**DATA PROVIDED**
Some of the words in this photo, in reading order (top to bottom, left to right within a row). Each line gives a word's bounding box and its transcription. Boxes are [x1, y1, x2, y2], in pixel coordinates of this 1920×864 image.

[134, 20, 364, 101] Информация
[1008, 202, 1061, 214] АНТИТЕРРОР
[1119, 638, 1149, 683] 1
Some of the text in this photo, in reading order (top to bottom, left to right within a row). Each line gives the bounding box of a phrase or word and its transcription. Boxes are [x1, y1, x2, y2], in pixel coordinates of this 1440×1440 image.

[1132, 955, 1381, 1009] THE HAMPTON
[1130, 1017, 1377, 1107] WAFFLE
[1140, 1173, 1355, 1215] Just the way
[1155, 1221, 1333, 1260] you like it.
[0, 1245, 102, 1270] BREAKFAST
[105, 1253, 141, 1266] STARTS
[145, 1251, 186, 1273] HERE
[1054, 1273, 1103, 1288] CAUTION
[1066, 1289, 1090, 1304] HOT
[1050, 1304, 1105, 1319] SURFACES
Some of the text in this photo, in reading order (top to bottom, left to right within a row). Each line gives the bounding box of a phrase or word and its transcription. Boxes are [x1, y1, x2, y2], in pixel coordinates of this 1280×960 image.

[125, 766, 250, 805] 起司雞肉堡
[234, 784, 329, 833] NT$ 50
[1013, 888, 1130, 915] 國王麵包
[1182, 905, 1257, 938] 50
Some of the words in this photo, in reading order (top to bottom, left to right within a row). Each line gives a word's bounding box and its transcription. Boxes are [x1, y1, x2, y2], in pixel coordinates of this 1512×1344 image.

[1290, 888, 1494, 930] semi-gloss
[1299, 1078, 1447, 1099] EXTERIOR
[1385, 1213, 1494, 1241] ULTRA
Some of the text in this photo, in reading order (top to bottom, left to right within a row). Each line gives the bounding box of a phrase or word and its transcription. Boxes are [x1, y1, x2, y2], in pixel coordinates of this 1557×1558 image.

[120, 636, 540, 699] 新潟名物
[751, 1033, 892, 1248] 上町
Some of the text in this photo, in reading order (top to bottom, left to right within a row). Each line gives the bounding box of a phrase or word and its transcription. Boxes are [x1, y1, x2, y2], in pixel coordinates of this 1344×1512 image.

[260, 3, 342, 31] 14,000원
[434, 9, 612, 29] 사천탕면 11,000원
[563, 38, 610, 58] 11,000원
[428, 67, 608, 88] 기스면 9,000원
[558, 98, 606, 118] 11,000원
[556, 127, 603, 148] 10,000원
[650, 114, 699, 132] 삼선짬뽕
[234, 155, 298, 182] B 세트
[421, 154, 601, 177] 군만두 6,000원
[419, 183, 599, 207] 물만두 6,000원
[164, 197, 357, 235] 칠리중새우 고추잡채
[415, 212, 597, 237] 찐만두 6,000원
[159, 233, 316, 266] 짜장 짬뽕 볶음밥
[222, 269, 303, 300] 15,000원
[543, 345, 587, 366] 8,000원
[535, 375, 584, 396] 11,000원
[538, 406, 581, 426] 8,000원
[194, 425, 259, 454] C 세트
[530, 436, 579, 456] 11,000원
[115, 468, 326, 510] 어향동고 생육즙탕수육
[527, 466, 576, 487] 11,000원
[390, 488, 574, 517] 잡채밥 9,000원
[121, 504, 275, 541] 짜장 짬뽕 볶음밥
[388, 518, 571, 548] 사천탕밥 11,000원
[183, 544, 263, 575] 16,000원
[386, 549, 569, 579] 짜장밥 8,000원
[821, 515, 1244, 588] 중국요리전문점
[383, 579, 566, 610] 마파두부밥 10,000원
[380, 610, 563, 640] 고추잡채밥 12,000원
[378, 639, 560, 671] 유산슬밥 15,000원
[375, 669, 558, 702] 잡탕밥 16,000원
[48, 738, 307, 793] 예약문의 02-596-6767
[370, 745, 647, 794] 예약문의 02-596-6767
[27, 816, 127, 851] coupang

**WORK REQUEST**
Every line of the material must be duplicated exactly.

**RESPONSE AREA**
Some of the words in this photo, in reading order (top to bottom, left to right within a row). Each line gives a word's bounding box and its transcription. Boxes are [x1, y1, x2, y2], in pixel coordinates of this 1920×864 image.

[134, 20, 364, 101] Информация
[1008, 202, 1061, 214] АНТИТЕРРОР
[1119, 638, 1149, 683] 1
Some of the text in this photo, in reading order (top to bottom, left to right within a row). Each line gives the bounding box of a phrase or word and its transcription. Boxes are [x1, y1, x2, y2], in pixel coordinates of this 1440×1440 image.

[1132, 955, 1381, 1009] THE HAMPTON
[1130, 1017, 1377, 1107] WAFFLE
[1140, 1173, 1355, 1215] Just the way
[1155, 1221, 1333, 1260] you like it.
[0, 1245, 102, 1270] BREAKFAST
[105, 1253, 141, 1266] STARTS
[145, 1251, 186, 1273] HERE
[1054, 1273, 1103, 1288] CAUTION
[1066, 1289, 1090, 1304] HOT
[1050, 1304, 1105, 1319] SURFACES
Some of the text in this photo, in reading order (top to bottom, left to right within a row). Each line gives the bounding box of a phrase or word and its transcription. Boxes are [x1, y1, x2, y2], in pixel coordinates of this 1280×960 image.

[125, 766, 250, 805] 起司雞肉堡
[234, 784, 329, 833] NT$ 50
[1013, 888, 1130, 915] 國王麵包
[1182, 905, 1257, 938] 50
Some of the words in this photo, in reading order (top to bottom, left to right within a row). Each line gives a word's bounding box and its transcription. Boxes are [x1, y1, x2, y2], in pixel coordinates of this 1512×1344 image.

[1290, 888, 1494, 930] semi-gloss
[1299, 1078, 1447, 1099] EXTERIOR
[1385, 1213, 1494, 1241] ULTRA
Some of the text in this photo, in reading order (top to bottom, left to right within a row). Each line gives the bounding box of a phrase or word and its transcription. Boxes are [x1, y1, x2, y2], in pixel coordinates of this 1557×1558 image.

[120, 636, 540, 699] 新潟名物
[751, 1033, 892, 1248] 上町
Some of the text in this photo, in reading order (top to bottom, left to right within a row). Each line gives the bounding box of a phrase or word and its transcription. Boxes are [x1, y1, x2, y2], in pixel coordinates of this 1344×1512 image.

[260, 3, 342, 31] 14,000원
[434, 9, 612, 29] 사천탕면 11,000원
[563, 38, 610, 58] 11,000원
[428, 67, 608, 88] 기스면 9,000원
[558, 98, 606, 118] 11,000원
[556, 127, 603, 148] 10,000원
[650, 114, 699, 132] 삼선짬뽕
[234, 155, 298, 182] B 세트
[421, 154, 601, 177] 군만두 6,000원
[419, 183, 599, 207] 물만두 6,000원
[164, 197, 357, 235] 칠리중새우 고추잡채
[415, 212, 597, 237] 찐만두 6,000원
[159, 233, 316, 266] 짜장 짬뽕 볶음밥
[222, 269, 303, 300] 15,000원
[543, 345, 587, 366] 8,000원
[535, 375, 584, 396] 11,000원
[538, 406, 581, 426] 8,000원
[194, 425, 259, 454] C 세트
[530, 436, 579, 456] 11,000원
[115, 468, 326, 510] 어향동고 생육즙탕수육
[527, 466, 576, 487] 11,000원
[390, 488, 574, 517] 잡채밥 9,000원
[121, 504, 275, 541] 짜장 짬뽕 볶음밥
[388, 518, 571, 548] 사천탕밥 11,000원
[183, 544, 263, 575] 16,000원
[386, 549, 569, 579] 짜장밥 8,000원
[821, 515, 1244, 588] 중국요리전문점
[383, 579, 566, 610] 마파두부밥 10,000원
[380, 610, 563, 640] 고추잡채밥 12,000원
[378, 639, 560, 671] 유산슬밥 15,000원
[375, 669, 558, 702] 잡탕밥 16,000원
[48, 738, 307, 793] 예약문의 02-596-6767
[370, 745, 647, 794] 예약문의 02-596-6767
[27, 816, 127, 851] coupang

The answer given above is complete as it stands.